* Data for processing *
╭──

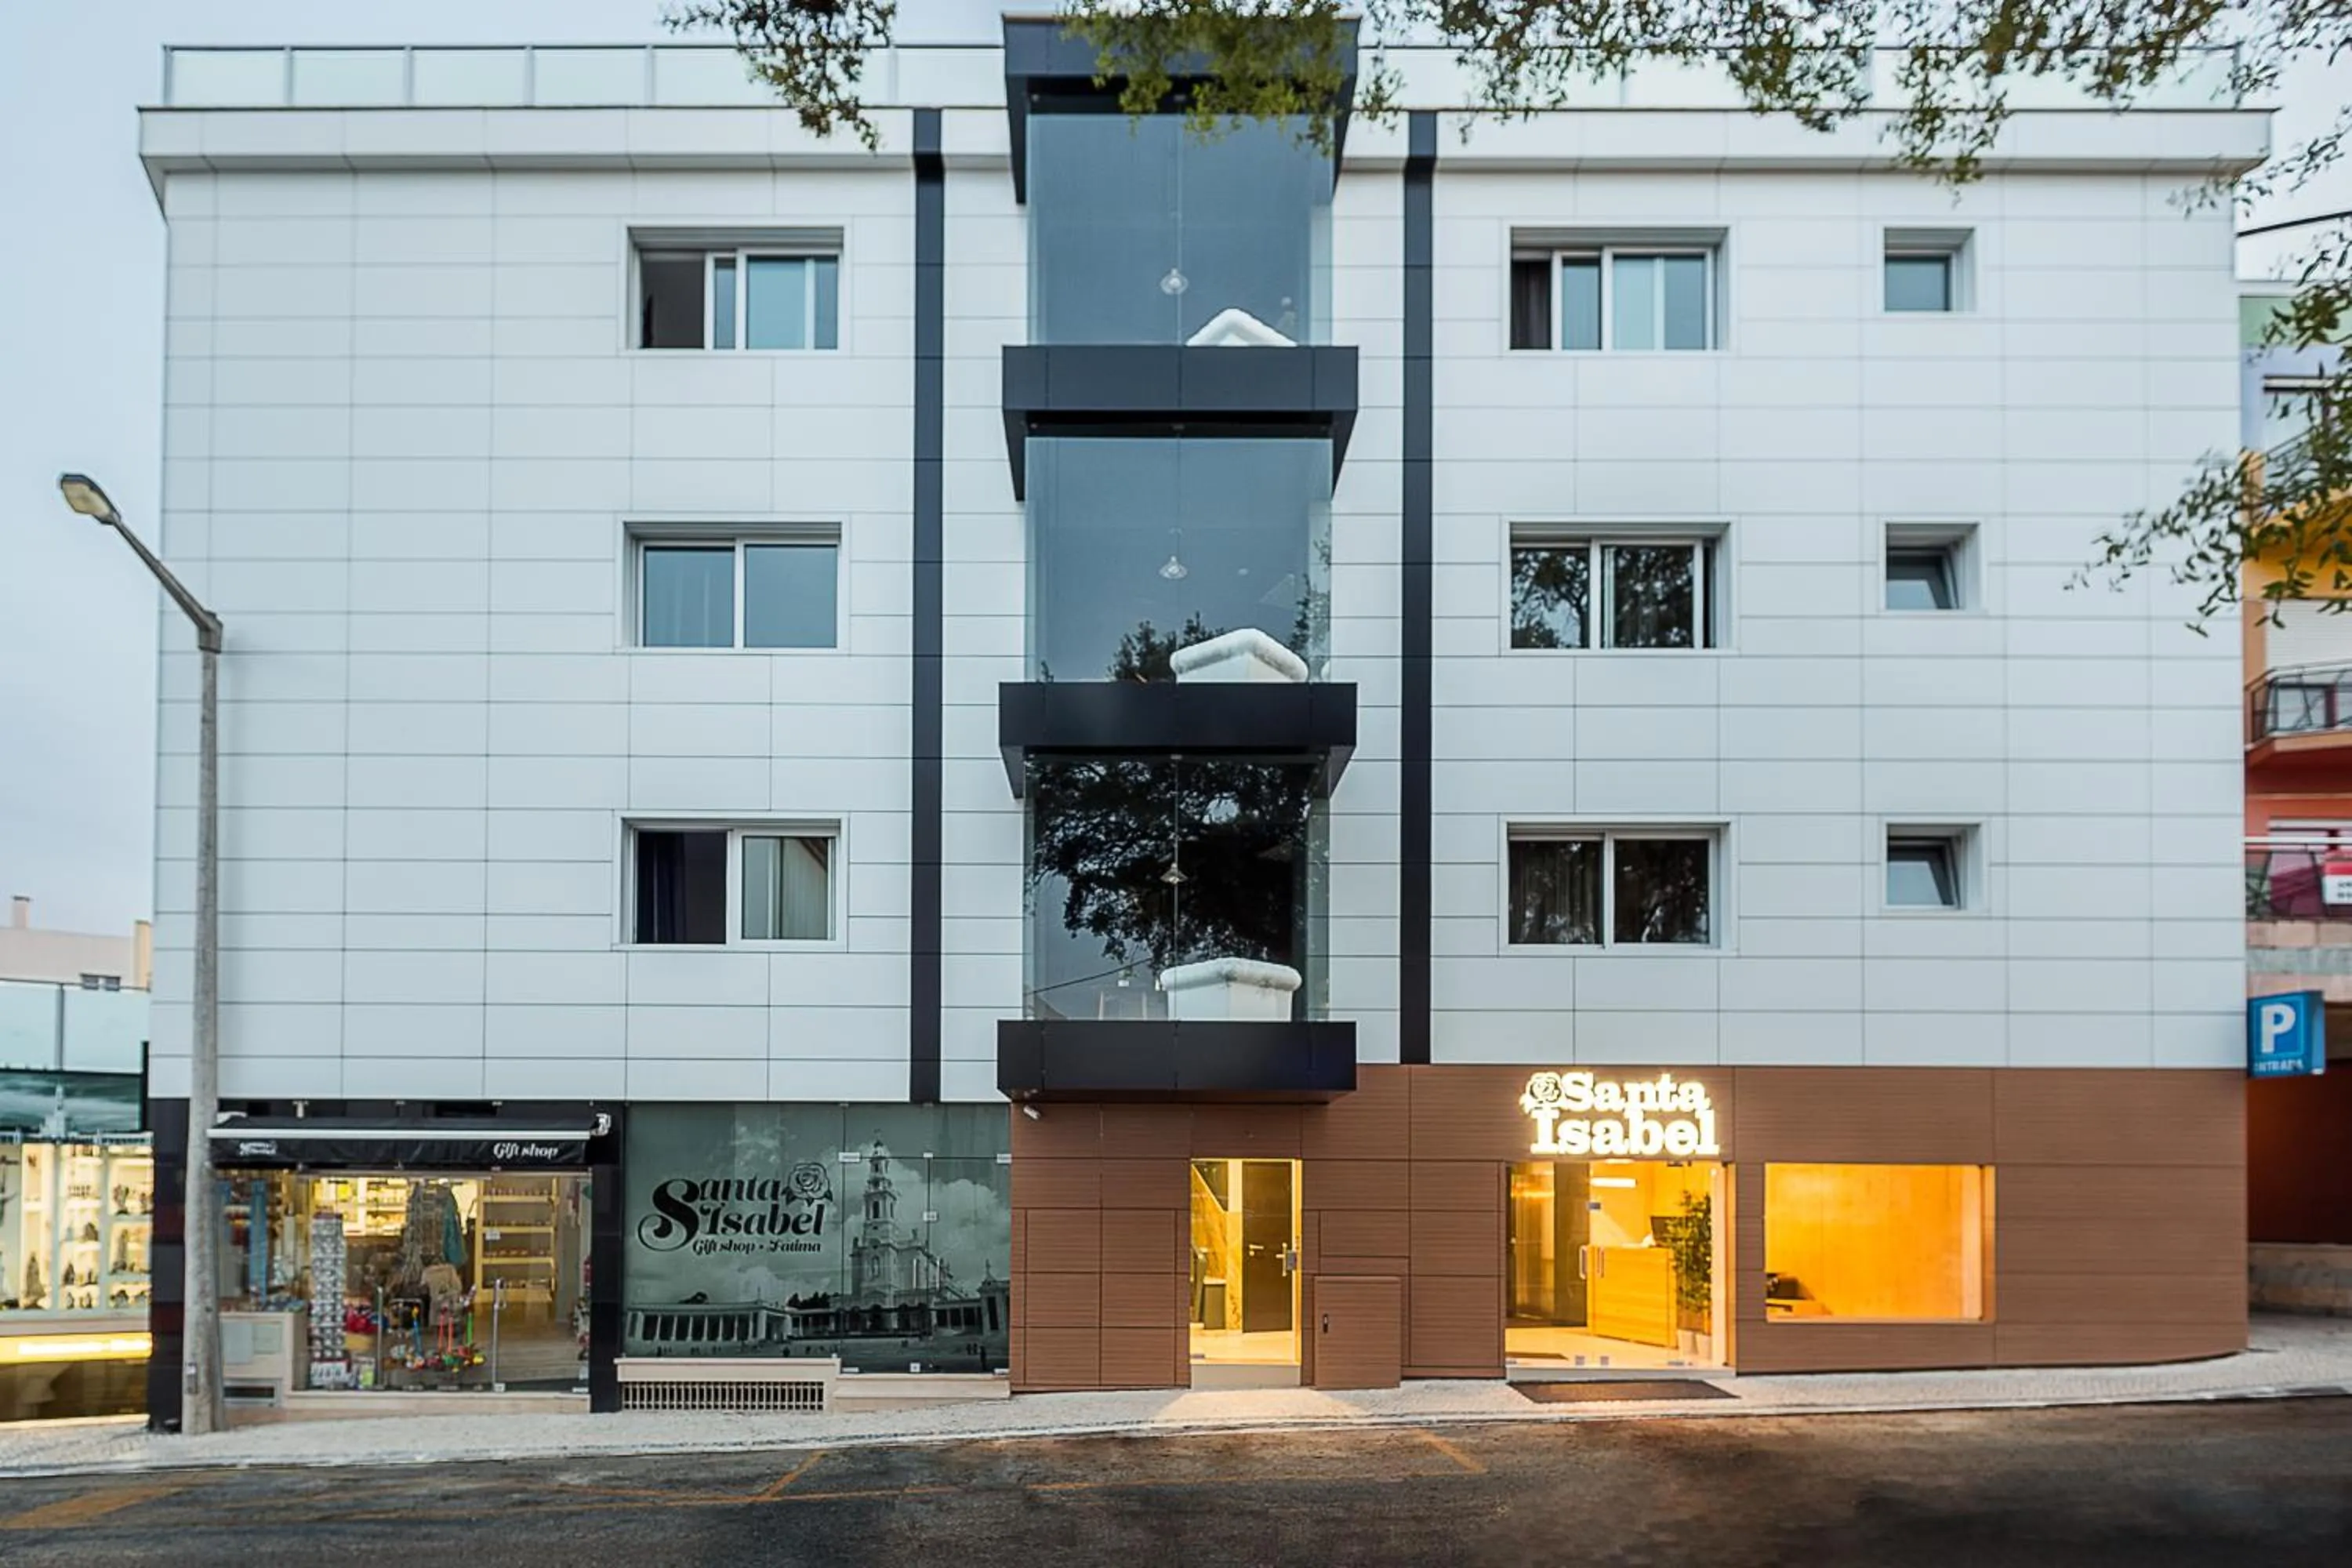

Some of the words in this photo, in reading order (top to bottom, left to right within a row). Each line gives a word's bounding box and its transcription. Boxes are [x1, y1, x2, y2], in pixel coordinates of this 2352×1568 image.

[2261, 1004, 2296, 1053] P
[1560, 1072, 1710, 1112] Santa
[493, 1142, 519, 1159] Gift
[521, 1142, 559, 1160] shop
[1530, 1108, 1719, 1155] Isabel
[637, 1178, 781, 1252] Santa
[699, 1202, 826, 1236] Isabel
[692, 1239, 717, 1254] Gift
[720, 1239, 757, 1254] shop
[769, 1239, 822, 1253] Fatima

╰──

* Problem requirements *
Omit pictures and output the listing exactly.

* Completed exercise *
Some of the words in this photo, in reading order (top to bottom, left to right within a row). Each line gives a word's bounding box and its transcription. Boxes are [x1, y1, x2, y2], in pixel coordinates of this 2352×1568 image.

[2261, 1004, 2296, 1053] P
[1560, 1072, 1710, 1112] Santa
[493, 1142, 519, 1159] Gift
[521, 1142, 559, 1160] shop
[1530, 1108, 1719, 1155] Isabel
[637, 1178, 781, 1252] Santa
[699, 1202, 826, 1236] Isabel
[692, 1239, 717, 1254] Gift
[720, 1239, 757, 1254] shop
[769, 1239, 822, 1253] Fatima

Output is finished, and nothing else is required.